Waiting at least another year (and a half, approximately, to be clear) would reportedly give CEO Mark Zuckerberg more time to follow through on his vision without too much public scrutiny and the implications thereof, attract more users and developers, book more sales and work out other issues, such as the user privacy kerfuffle and legal matters.
All this talk about Facebook going public at some time reminds me of similar chatter that has surrounded professional social networking company LinkedIn for years. In both cases, founders and management have repeatedly stated they’ll only IPO when the time is right, and repeatedly expressed that gaining more users and ramping up revenues are the current focus.
And in both cases, media outlets continue to speculate about when they’ll go public anyway.
Don’t get me wrong, both are bound to IPO at some point, and they’ll be high-profile and plenty impactful events.

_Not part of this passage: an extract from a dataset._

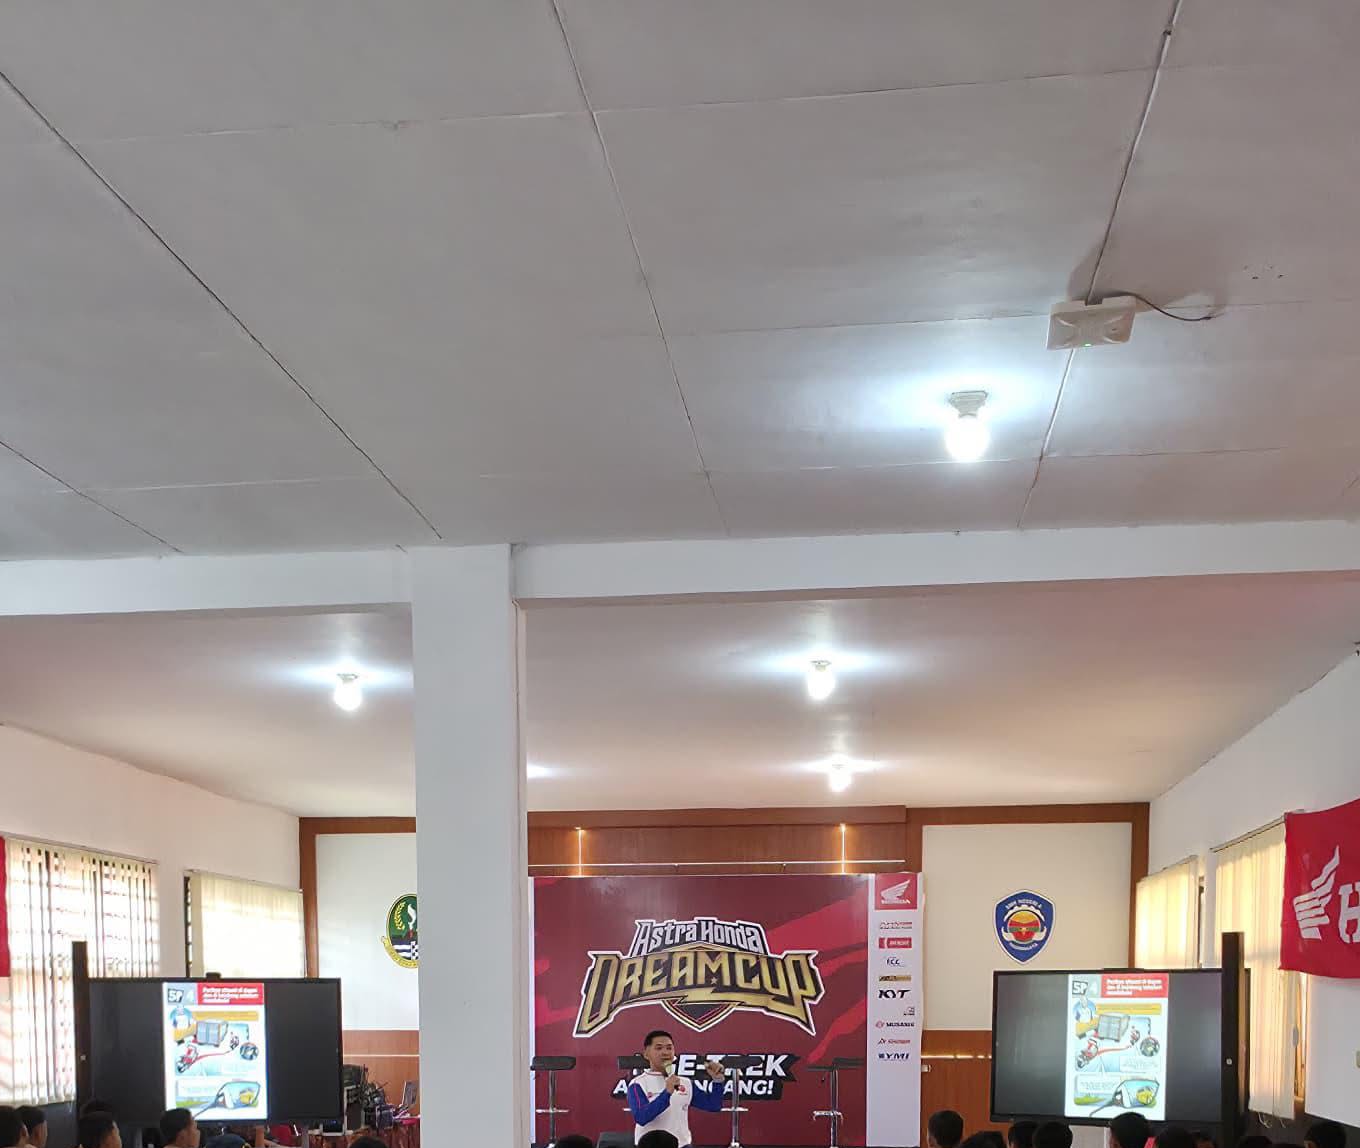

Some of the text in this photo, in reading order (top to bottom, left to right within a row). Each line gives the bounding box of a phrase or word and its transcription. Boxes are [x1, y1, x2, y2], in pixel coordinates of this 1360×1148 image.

But my assumption is that for both Facebook and LinkedIn, the people who are to make said decision really do want to wait for when the time is right, and they most probably have clear milestones in mind to determine when that is.

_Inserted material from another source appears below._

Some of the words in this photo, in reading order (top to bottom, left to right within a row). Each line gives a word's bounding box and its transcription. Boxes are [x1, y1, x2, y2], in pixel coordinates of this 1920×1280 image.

It’s hard to predict the future, so it’s near impossible to determine when exactly those milestones will be met and everything falls into place, provided one would even know what the ideal situation in the minds of the decision makers is. Investors and other equity holders, e.g. employees, obviously want to cash in at some point, and secondary markets aren’t going to keep appeasing them in the long run. So yes, there’s going to be pressure, and increasingly so.
But who knows what will happen between now and, say, the next three years? Even if Bloomberg’s sources are extremely familiar with Zuckerberg’s thinking and plans, they too don’t know how quickly Facebook will grow, or what other events might on the other hand make Facebook want to delay an eventual IPO until 2013 or later, even.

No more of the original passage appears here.